Wednesday, July 6, 2011

Do Not Worry

Matthew 6: 25-34 "Therefore, I tell you, do not worry about your life....And why do you worry about clothes?...So do not worry, saying, "What shall we eat?"...For the pagans run after all these things, and your heavenly Father knows that you need them. But seek first his kingdom and his righteousness, and all these things will be given to you as well. Therefore, do not worry about tomorrow, for tomorrow will worry about itself. Each day  has enough trouble of its own." defines "meditation" as continued or extended thought. It gives a synonym of "mulling over". In the ancient Jewish tradition, meditation did not always take on the yoga-like characteristics of sitting in the lotus postion and "emptying" your mind. It was a much more active thought process that included chanting or repeating verses from the Torah, visualization, deep thought and reflection on specific words or phrases. They even had a form of meditation called "walking meditation" where they would meditate as they went about their day. Part of the meditative process might even involve discussion with others on a topic or a verse.

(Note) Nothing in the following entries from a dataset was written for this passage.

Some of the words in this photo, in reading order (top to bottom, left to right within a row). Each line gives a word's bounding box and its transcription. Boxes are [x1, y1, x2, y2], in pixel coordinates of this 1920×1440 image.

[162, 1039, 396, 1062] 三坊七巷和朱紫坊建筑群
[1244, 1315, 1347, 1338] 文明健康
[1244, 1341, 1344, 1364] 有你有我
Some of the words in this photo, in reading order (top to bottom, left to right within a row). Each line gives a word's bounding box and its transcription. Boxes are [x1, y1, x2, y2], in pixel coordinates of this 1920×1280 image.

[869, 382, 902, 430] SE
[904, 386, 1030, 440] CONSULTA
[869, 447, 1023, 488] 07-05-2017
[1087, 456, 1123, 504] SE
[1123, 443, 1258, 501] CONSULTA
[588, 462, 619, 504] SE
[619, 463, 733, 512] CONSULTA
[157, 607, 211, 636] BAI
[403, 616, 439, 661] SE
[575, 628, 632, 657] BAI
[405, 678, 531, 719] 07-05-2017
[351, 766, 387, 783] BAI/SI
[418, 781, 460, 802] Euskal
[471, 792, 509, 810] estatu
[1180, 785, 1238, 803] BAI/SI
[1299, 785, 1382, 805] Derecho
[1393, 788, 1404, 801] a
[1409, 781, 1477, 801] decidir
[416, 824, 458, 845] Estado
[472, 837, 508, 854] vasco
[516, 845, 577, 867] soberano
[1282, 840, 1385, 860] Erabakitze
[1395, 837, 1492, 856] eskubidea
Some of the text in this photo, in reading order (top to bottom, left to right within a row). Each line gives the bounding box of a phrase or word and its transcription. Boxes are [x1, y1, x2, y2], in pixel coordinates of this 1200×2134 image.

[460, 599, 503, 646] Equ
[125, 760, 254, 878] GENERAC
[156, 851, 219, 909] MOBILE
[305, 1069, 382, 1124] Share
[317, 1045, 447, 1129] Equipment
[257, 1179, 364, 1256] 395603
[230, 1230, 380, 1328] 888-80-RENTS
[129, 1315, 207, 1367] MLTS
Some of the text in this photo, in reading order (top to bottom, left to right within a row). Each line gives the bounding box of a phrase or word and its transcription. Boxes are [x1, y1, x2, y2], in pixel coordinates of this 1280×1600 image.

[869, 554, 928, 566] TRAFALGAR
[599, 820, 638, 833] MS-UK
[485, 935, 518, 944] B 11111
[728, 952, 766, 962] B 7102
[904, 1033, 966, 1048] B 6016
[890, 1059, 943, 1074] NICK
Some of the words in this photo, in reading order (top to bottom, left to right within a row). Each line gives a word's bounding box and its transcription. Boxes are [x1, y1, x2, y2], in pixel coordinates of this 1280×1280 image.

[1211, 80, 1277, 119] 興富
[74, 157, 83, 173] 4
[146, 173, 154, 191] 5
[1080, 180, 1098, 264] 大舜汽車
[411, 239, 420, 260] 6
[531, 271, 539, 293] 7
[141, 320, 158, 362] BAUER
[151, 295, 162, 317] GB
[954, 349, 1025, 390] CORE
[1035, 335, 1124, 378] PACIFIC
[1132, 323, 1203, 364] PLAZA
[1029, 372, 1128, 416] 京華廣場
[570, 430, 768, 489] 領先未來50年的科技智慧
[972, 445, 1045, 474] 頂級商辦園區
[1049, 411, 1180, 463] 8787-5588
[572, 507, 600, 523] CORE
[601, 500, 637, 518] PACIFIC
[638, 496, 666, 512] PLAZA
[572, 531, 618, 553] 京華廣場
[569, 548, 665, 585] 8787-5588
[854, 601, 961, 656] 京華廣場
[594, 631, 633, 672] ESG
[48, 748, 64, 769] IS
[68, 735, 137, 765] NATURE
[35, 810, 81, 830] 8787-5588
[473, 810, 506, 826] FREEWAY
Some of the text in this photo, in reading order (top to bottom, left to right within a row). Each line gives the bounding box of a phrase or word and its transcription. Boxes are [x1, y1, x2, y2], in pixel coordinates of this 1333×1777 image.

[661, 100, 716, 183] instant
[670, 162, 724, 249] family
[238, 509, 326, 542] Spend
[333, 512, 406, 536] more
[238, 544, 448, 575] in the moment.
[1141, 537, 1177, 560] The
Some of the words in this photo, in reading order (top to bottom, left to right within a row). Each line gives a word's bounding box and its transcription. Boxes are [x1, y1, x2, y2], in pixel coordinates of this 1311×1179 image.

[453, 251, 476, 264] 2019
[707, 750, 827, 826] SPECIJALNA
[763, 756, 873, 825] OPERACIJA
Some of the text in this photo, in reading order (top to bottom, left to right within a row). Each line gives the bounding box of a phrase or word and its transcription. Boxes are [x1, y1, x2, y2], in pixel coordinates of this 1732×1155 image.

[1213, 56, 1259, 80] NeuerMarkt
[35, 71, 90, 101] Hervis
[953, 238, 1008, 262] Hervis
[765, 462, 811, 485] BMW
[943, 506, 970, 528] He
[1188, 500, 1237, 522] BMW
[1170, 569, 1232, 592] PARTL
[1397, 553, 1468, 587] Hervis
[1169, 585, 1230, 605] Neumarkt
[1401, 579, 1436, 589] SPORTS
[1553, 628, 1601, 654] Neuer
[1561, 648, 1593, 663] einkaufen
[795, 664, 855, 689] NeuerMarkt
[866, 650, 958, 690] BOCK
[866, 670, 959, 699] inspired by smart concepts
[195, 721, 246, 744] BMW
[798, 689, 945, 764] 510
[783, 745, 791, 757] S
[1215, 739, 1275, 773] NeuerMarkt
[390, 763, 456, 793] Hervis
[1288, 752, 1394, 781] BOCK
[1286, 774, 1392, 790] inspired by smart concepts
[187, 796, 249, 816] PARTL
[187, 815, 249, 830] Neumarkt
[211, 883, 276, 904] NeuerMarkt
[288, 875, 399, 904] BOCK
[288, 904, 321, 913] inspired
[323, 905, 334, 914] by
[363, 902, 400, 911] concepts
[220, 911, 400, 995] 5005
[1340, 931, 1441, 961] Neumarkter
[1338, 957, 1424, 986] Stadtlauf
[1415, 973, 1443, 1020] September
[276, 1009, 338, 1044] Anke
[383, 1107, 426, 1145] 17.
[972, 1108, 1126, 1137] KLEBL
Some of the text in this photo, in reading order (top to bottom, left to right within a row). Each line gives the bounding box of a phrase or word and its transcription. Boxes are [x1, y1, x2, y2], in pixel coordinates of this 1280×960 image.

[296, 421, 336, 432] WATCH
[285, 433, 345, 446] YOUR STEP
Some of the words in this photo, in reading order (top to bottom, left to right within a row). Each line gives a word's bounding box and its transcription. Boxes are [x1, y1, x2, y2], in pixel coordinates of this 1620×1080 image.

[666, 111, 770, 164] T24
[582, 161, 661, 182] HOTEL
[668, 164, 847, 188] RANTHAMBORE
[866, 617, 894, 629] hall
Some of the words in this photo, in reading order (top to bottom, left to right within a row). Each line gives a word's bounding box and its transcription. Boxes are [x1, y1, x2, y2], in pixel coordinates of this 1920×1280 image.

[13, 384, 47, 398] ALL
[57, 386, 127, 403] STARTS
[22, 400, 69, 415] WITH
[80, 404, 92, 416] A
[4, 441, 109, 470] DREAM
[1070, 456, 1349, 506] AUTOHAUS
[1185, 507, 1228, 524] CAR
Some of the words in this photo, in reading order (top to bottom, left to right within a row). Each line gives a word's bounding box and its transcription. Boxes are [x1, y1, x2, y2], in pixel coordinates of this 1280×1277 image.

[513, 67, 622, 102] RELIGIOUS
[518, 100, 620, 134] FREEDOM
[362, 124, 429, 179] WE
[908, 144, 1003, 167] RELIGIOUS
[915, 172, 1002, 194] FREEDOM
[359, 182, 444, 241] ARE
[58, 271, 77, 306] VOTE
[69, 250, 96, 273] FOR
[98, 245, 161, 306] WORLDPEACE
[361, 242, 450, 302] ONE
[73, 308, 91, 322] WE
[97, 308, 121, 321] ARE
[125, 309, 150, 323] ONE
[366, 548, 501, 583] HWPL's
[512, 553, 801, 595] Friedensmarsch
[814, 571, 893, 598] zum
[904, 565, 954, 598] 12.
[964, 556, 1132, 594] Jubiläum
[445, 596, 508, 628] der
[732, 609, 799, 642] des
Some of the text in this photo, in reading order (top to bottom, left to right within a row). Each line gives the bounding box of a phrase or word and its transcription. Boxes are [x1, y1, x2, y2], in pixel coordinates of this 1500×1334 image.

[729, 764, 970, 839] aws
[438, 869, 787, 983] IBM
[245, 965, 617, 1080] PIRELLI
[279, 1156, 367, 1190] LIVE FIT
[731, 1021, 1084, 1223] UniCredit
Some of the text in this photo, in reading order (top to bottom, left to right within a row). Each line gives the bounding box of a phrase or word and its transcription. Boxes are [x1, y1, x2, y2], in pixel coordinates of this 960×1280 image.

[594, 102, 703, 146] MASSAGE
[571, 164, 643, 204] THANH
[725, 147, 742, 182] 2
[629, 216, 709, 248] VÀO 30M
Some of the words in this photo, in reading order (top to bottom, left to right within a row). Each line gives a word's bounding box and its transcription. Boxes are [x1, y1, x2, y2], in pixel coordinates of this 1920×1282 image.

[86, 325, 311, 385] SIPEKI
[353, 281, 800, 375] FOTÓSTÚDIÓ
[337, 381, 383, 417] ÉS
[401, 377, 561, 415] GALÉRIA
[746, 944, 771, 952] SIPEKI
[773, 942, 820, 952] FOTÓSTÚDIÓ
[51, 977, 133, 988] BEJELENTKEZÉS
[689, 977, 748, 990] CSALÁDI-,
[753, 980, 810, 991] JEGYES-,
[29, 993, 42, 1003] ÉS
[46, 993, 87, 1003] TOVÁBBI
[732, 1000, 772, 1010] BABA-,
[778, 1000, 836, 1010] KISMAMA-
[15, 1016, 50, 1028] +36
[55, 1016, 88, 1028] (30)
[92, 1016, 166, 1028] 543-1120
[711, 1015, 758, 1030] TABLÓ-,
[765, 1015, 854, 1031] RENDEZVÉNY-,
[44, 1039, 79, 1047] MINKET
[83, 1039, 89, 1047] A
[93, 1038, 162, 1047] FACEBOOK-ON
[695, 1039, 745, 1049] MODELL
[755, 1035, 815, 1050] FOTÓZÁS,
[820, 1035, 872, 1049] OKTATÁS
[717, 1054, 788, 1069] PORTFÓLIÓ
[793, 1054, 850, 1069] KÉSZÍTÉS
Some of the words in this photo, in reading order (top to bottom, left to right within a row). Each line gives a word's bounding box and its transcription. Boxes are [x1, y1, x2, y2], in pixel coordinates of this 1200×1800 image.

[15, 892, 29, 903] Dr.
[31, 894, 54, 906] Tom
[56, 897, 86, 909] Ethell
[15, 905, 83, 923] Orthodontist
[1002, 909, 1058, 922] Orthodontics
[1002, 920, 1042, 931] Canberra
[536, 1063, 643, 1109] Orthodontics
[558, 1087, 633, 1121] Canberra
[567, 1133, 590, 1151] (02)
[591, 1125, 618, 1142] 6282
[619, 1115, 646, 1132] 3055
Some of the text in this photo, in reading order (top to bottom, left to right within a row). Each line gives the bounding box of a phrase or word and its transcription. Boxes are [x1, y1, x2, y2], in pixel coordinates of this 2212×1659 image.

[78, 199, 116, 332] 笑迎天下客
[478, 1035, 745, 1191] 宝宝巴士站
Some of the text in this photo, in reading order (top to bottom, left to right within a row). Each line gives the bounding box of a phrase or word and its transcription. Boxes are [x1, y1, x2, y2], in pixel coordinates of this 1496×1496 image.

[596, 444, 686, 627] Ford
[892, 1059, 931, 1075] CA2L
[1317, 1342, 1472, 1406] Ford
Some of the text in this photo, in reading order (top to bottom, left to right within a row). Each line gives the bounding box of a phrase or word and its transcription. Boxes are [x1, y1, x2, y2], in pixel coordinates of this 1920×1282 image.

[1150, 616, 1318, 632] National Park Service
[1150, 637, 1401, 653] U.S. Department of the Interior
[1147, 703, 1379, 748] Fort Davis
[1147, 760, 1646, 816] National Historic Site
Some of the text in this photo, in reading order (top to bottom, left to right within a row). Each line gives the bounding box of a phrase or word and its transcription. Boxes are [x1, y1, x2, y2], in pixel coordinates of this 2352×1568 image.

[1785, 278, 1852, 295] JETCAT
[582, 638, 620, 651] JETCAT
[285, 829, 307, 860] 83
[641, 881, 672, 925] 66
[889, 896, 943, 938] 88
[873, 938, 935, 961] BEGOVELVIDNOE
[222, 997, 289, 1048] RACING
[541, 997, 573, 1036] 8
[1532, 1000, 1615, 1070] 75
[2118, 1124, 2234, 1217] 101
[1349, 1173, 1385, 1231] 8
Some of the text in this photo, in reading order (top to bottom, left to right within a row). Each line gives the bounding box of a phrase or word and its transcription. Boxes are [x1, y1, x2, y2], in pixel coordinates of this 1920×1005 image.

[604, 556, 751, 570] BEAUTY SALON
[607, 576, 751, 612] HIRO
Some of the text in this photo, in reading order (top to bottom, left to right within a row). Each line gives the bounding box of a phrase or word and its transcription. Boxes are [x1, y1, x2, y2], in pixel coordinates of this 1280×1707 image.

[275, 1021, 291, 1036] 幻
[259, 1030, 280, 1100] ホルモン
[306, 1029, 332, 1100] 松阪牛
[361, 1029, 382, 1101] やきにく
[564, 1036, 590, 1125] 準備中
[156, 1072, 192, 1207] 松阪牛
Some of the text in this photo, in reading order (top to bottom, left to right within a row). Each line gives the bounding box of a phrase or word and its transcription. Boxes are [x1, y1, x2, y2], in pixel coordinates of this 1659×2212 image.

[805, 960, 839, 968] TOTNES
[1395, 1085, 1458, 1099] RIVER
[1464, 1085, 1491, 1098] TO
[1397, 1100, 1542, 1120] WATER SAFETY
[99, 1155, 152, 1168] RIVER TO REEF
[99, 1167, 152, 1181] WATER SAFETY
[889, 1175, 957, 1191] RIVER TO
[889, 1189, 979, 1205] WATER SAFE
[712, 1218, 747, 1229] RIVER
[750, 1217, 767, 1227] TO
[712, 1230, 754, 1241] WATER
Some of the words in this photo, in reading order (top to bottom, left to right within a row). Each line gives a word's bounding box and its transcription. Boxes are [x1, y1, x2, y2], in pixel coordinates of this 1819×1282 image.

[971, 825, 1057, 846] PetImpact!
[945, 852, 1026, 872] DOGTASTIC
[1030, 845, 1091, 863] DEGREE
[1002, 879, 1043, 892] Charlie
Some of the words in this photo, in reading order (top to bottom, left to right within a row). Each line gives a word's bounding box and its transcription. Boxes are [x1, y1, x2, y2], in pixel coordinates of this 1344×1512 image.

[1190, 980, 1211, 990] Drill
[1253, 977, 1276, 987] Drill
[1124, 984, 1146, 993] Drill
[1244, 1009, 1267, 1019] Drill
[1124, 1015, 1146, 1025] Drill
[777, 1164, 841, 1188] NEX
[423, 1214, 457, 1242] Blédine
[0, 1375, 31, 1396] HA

Repeatedly in the Psalms, the writers talk of meditating on God's acts and his law. In Psalm 19:14, David says, "May the words of my mouth and the meditation of my heart be pleasing in your sight, O LORD, my Rock and my Redeemer." Again in 104:34 an unknown psalmist asks that his meditation be pleasing to the Lord.

So this begs the question, Can my meditation be displeasing? If it can, what would displeasing meditation look like? Well, back to the definition and description of meditation. If you think of doing all these things in a negative light, it looks a lot like worry. Do you repeat concerns to yourself over and over? That's worry. Do you visualize bad things happening? That's worry. Do you spend a lot of time in deep thought and reflection on something negative in your life? That's worry. Are you constantly talking to others about negative topics in your life? Worry. Worry is nothing but negative meditation.

I'm not saying that we can't express our concerns and share our burdens, but there comes a time when we have to let it go and let God have it so he can deal with it. These verses in Matthew talk about the provision of God and his blessings for us. They talk about how our heavenly Father already knows what we need and when we constantly worry we are expressing doubt that he can take care of us.

In Psalm 145, we have David writing again. In verses 3 & 4, he talks of the greatness of God's acts and in verse 5 he states "They will speak of the glorious splendor of your majesty, and I will meditate on your wonderful works." Sounds a lot better than a lot of the stuff I find myself thinking about all day.

What if, we had a Bible verse for every worry that we had? What if, every time we found ourselves beginning to worry over something, we took out one of those verses and thought about that instead? What if, like David in Psalm 119, we meditated on God's Word instead of our worries? What if, we wanted our meditation to be pleasing to God? Think you don't know how to meditate? If you know how to worry, you know how to meditate.

So I am going to recommend that we all get some 3X5 cards, or create a file in your PDA, however you want to do it. Make ourselves a list of verses that specifically address our concerns. Tomorrow, we all need to think about the glorious splendor of God's majesty instead of whatever it is that has been eating at us and we need to meditate on God's wonderful works. I bet we will all be in a better mood.